[Task instructions]: Reproduce every entry exactly.

[Data section]:

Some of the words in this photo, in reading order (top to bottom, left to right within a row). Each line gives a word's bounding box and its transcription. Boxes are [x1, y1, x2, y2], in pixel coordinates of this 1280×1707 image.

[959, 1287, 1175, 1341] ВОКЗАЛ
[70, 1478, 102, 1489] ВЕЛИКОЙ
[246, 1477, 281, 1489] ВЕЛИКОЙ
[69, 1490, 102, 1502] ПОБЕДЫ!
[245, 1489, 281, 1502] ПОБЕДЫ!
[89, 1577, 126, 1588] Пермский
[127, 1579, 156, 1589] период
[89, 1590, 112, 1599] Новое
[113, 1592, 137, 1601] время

[Answer to this exercise]:
Some of the words in this photo, in reading order (top to bottom, left to right within a row). Each line gives a word's bounding box and its transcription. Boxes are [x1, y1, x2, y2], in pixel coordinates of this 1280×1707 image.

[959, 1287, 1175, 1341] ВОКЗАЛ
[70, 1478, 102, 1489] ВЕЛИКОЙ
[246, 1477, 281, 1489] ВЕЛИКОЙ
[69, 1490, 102, 1502] ПОБЕДЫ!
[245, 1489, 281, 1502] ПОБЕДЫ!
[89, 1577, 126, 1588] Пермский
[127, 1579, 156, 1589] период
[89, 1590, 112, 1599] Новое
[113, 1592, 137, 1601] время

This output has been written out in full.